2. The CSM's engine doesn't have to accelerate nearly as much mass as the S-IVB had to. At TLI, the S-IVB's J-2 engine had to lift the Command Module with three astronauts and provisions for more than a week, the fully-fueled Service Module, and the fully-fueled LM with its tools, fuel, and supplies
and the S-IVB stage itself with a partial fuel load. When leaving lunar orbit, the Service Propulsion System (the CSM's AJ-10 engine) had to lift the Command Module with three astronauts and provisions for three days plus a few hundred pounds of samples, and the Service Module with its partially-depleted fuel supply (probably about half at the start of the insertion burn, but that's a guess). Everything else was left behind or consumed.

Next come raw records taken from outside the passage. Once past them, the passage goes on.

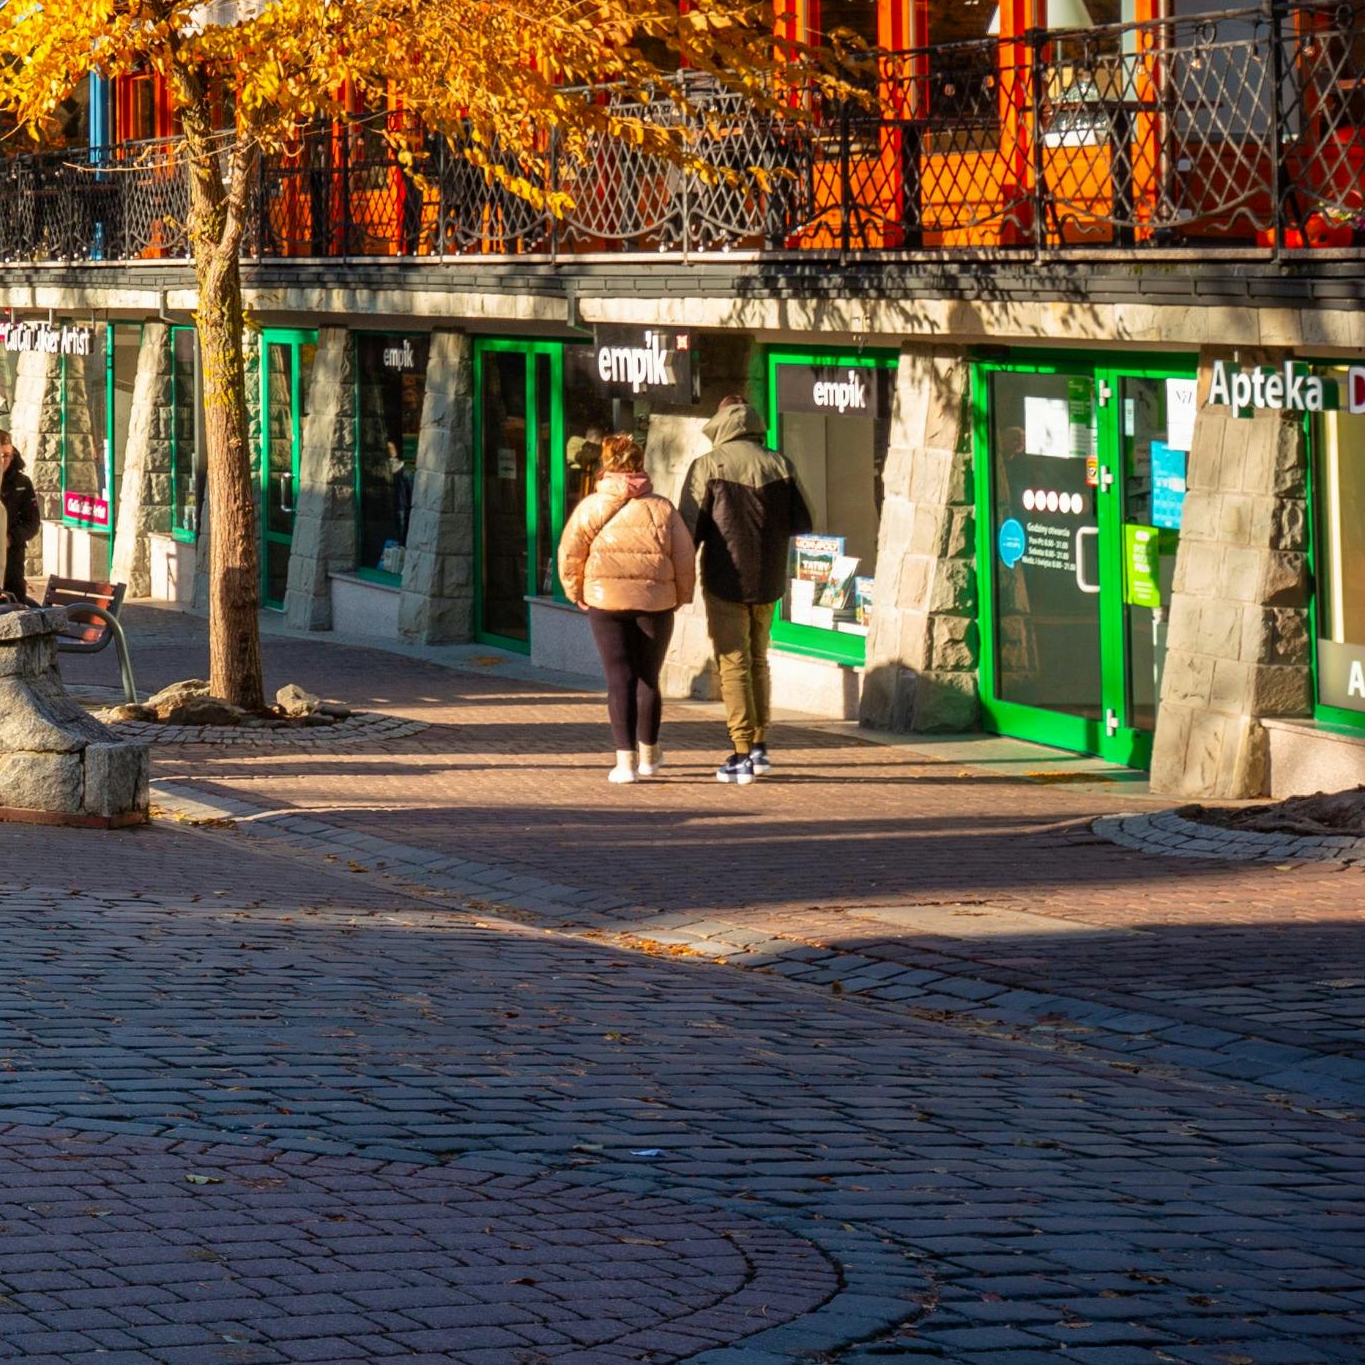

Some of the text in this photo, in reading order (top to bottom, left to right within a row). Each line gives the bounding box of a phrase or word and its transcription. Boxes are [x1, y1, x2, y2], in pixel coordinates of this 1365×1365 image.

[61, 325, 90, 355] Artist
[383, 339, 414, 372] empik
[599, 330, 670, 394] empik
[813, 369, 867, 414] empik
[1208, 359, 1325, 419] Apteka
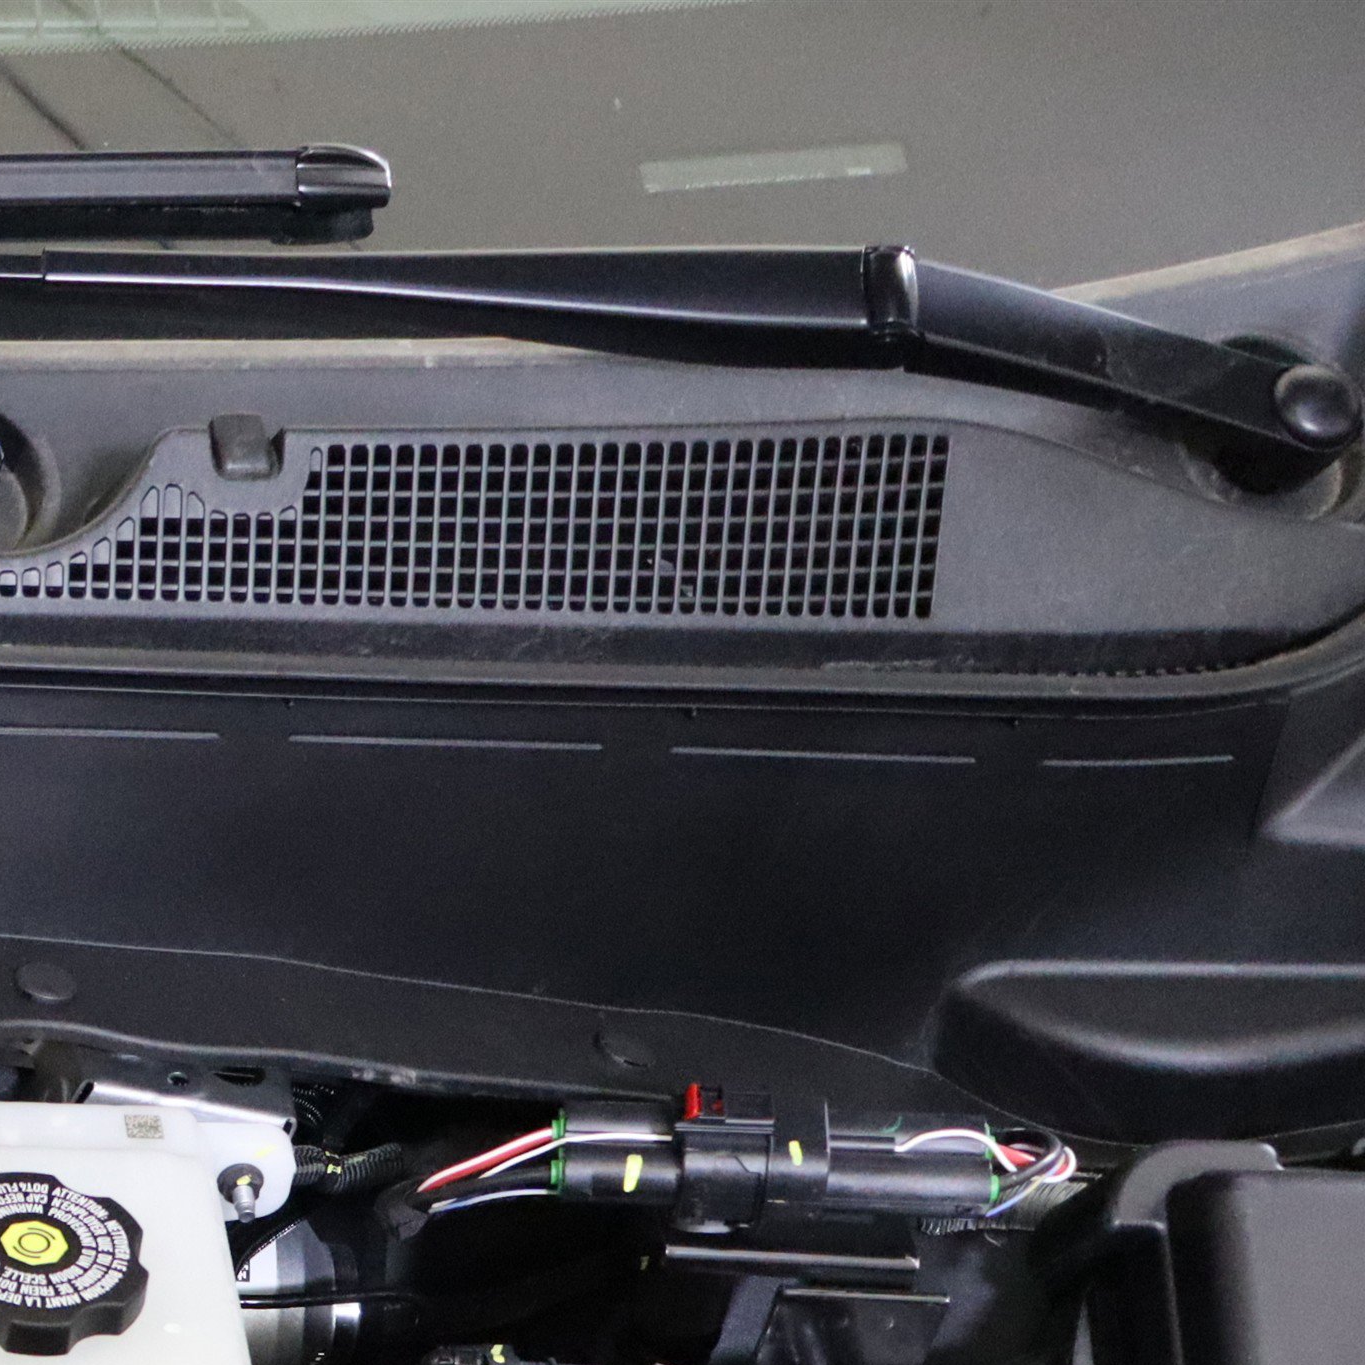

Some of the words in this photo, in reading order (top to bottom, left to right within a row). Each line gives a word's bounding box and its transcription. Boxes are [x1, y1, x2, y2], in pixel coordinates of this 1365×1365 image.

NASA says,"Upon return to Earth, the command and service modules separate, leaving the command module to plunge into the Earth's atmosphere at a velocity of 25,000 mph." I've looked at the command and service module and I don't see anything that looks like the last stage of a Saturn rocket.

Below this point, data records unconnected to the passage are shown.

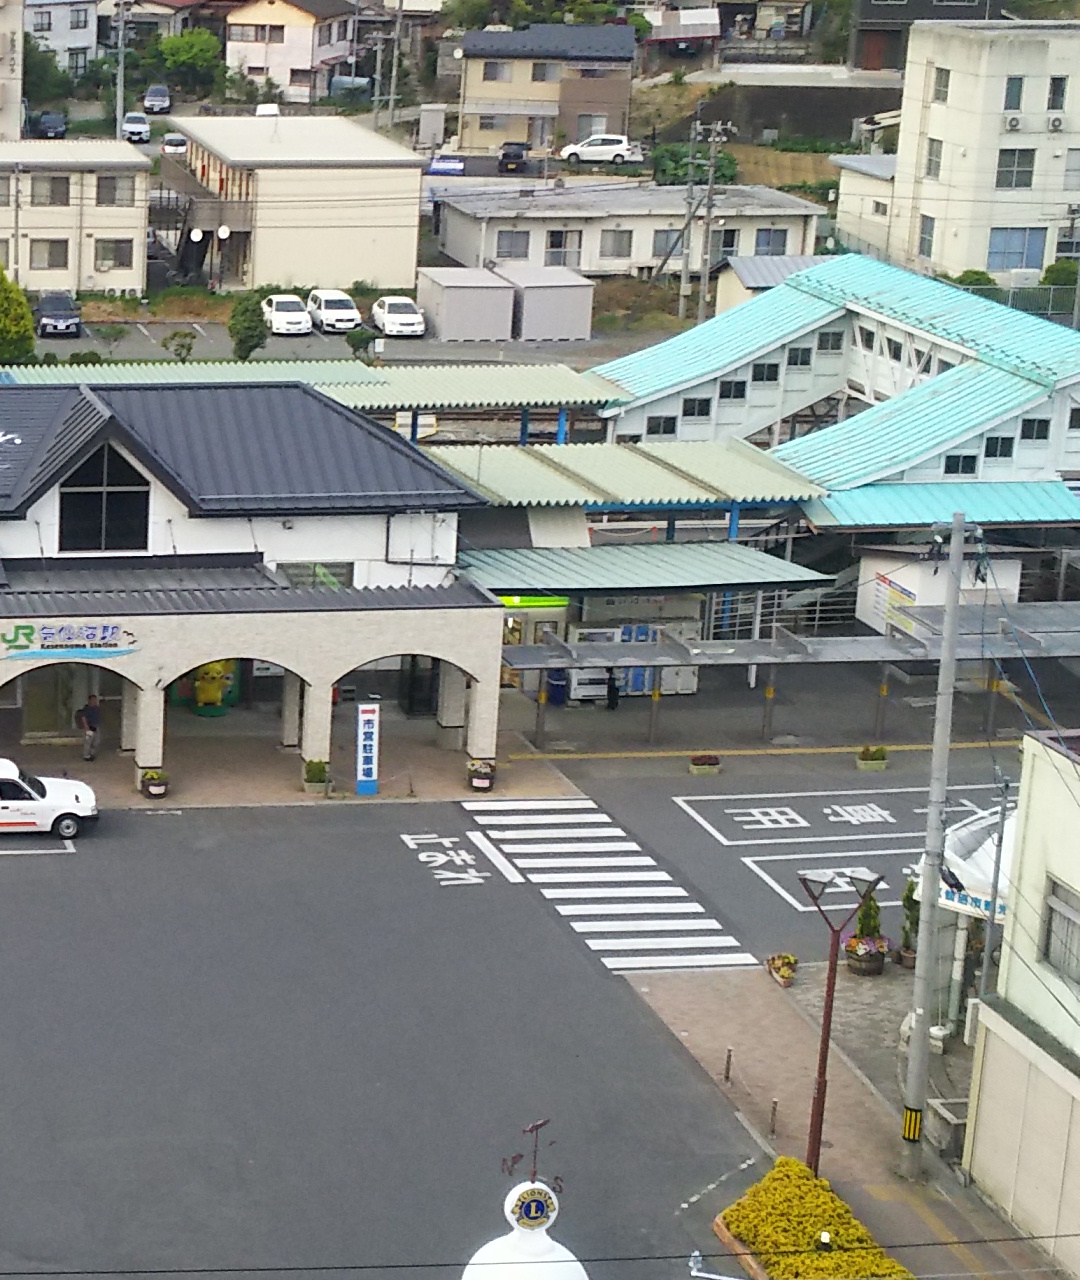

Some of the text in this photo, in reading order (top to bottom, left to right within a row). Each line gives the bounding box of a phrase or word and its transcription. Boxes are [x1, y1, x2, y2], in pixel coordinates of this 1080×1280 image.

[0, 624, 35, 644] JR
[361, 718, 376, 779] 市営駐車場
[399, 833, 493, 887] 止まれ
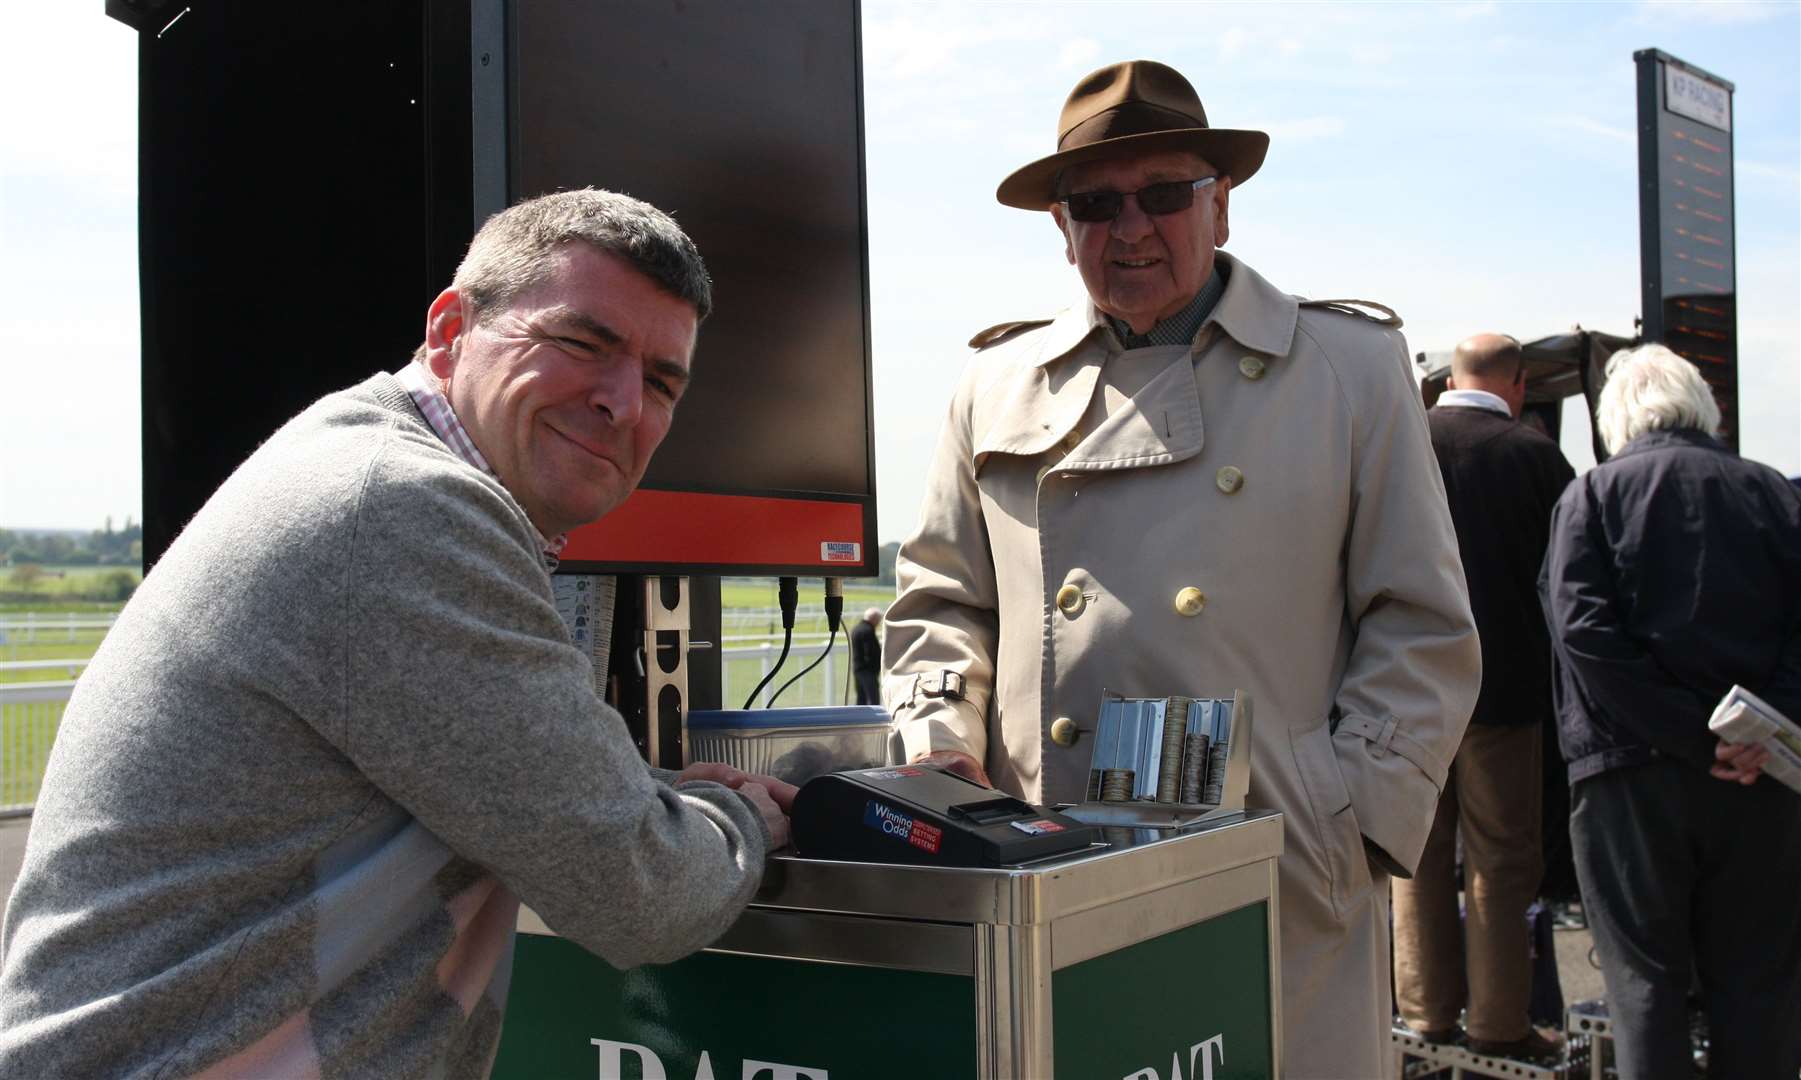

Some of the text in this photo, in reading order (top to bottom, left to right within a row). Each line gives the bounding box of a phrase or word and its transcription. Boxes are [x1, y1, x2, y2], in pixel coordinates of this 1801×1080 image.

[1672, 75, 1724, 113] KP RACING
[875, 803, 912, 830] Winning
[883, 820, 908, 838] Odds
[912, 827, 937, 842] BETTING
[910, 836, 935, 851] SYSTEMS

It may be small compared to a J-2, but that's still a pretty honkin' big rocket compared to the size of the craft it's bolted to.
Wouldn't they need the same power to get to earth as it does to get to the moon?
Nope. See above.
According to Wikipedia, the SM's AJ10-137 engine has about 9% as much thrust as the S-IVB's J-2 engine (91 kN vs 1001 kN).
Another thing, Look a the command module, how does that thing enter the earth's atmosphere perfectly with the shield pointing down and not tumbling every which way and not burning up?
Careful design, planning, and execution. They had very good rocket scientists and aerospace engineers working on it, and a well-trained crew aboard.
[Edit] Oops.. forgot the S-IVB in the list of things the S-IVB had to move but the SPS didn't.